**What is needed**. If a record contains an image, leave the image out and repeat everything else exactly.

**Extracted material**.
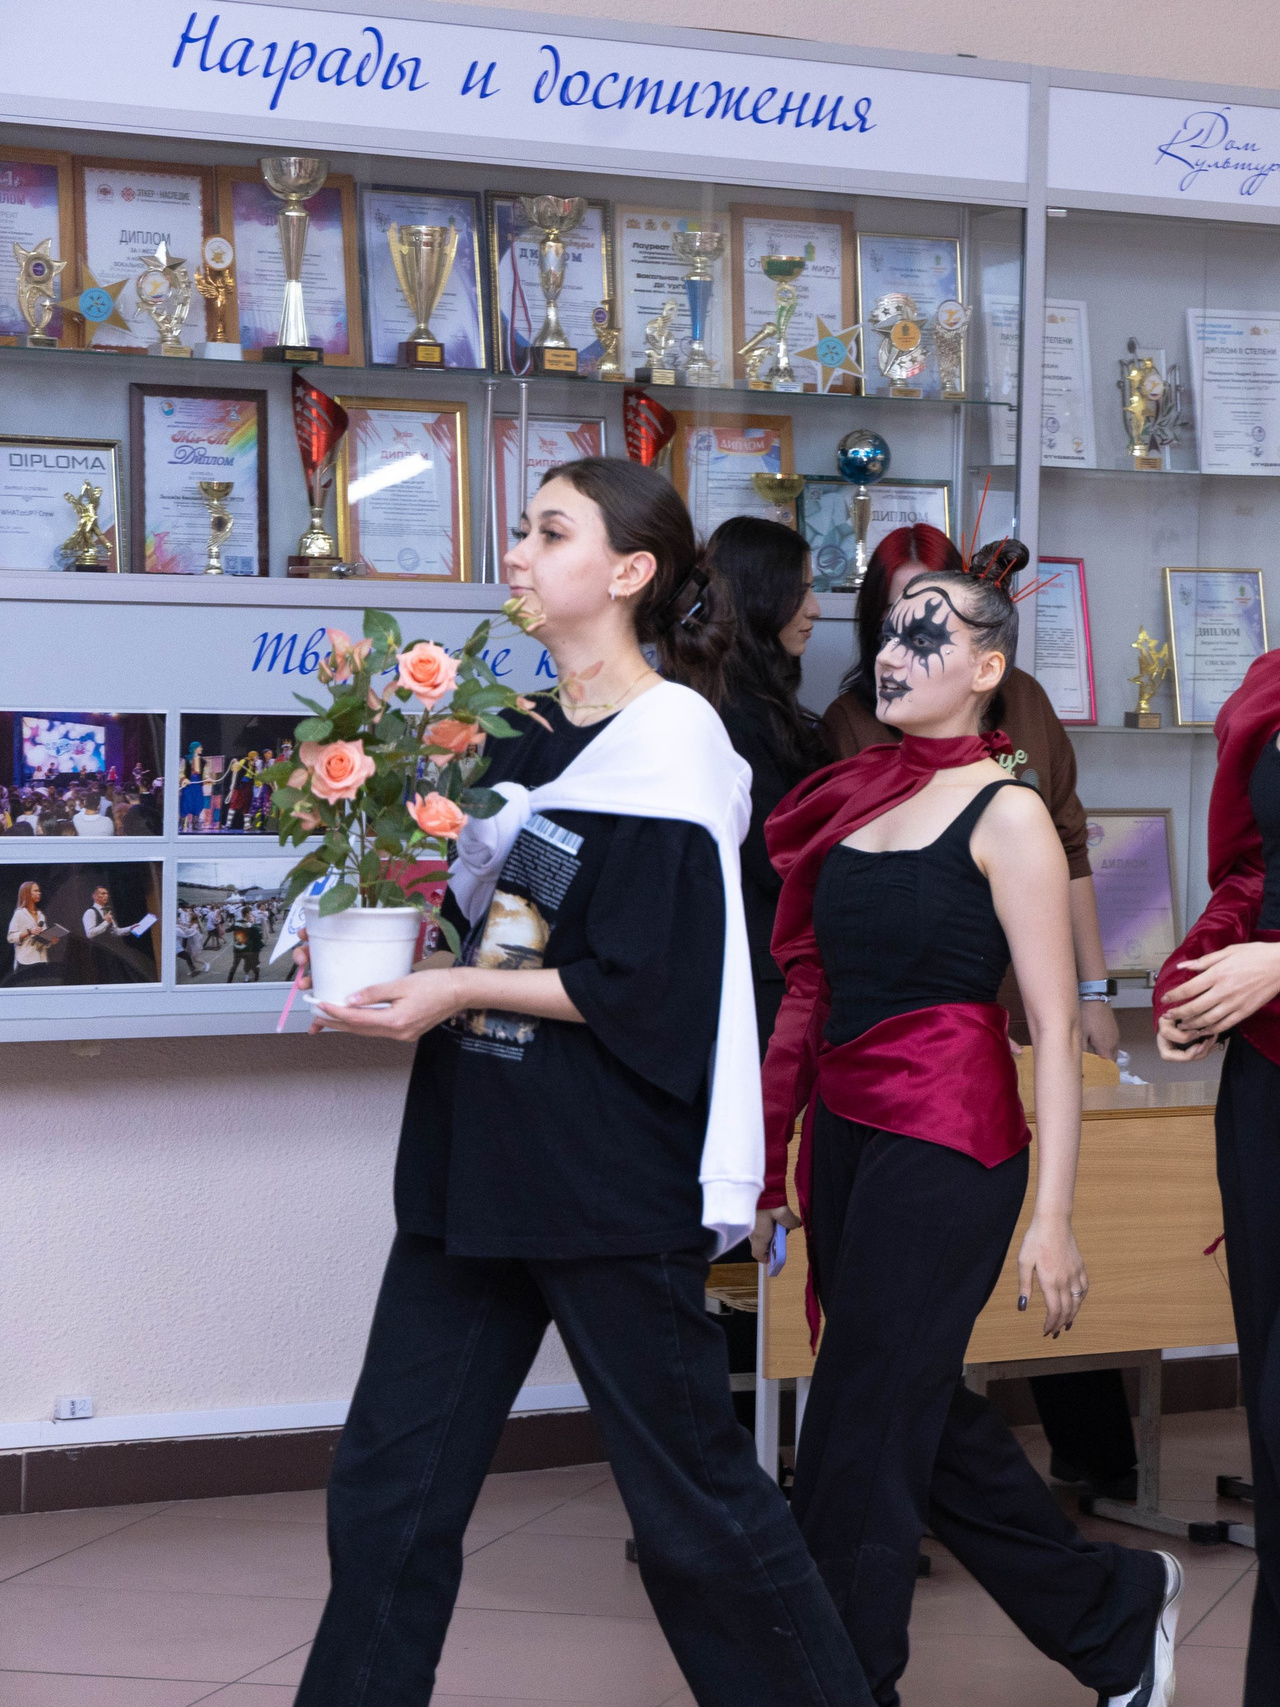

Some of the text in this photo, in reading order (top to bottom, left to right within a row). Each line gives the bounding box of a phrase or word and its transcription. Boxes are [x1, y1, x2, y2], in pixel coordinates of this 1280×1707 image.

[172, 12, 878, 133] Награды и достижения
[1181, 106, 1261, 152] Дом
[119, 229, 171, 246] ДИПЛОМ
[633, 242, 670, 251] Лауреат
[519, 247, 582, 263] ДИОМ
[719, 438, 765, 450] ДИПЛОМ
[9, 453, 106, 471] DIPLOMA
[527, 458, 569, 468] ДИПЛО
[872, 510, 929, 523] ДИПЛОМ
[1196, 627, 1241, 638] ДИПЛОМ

**Final answer**.
Some of the text in this photo, in reading order (top to bottom, left to right within a row). Each line gives the bounding box of a phrase or word and its transcription. Boxes are [x1, y1, x2, y2], in pixel coordinates of this 1280×1707 image.

[172, 12, 878, 133] Награды и достижения
[1181, 106, 1261, 152] Дом
[119, 229, 171, 246] ДИПЛОМ
[633, 242, 670, 251] Лауреат
[519, 247, 582, 263] ДИОМ
[719, 438, 765, 450] ДИПЛОМ
[9, 453, 106, 471] DIPLOMA
[527, 458, 569, 468] ДИПЛО
[872, 510, 929, 523] ДИПЛОМ
[1196, 627, 1241, 638] ДИПЛОМ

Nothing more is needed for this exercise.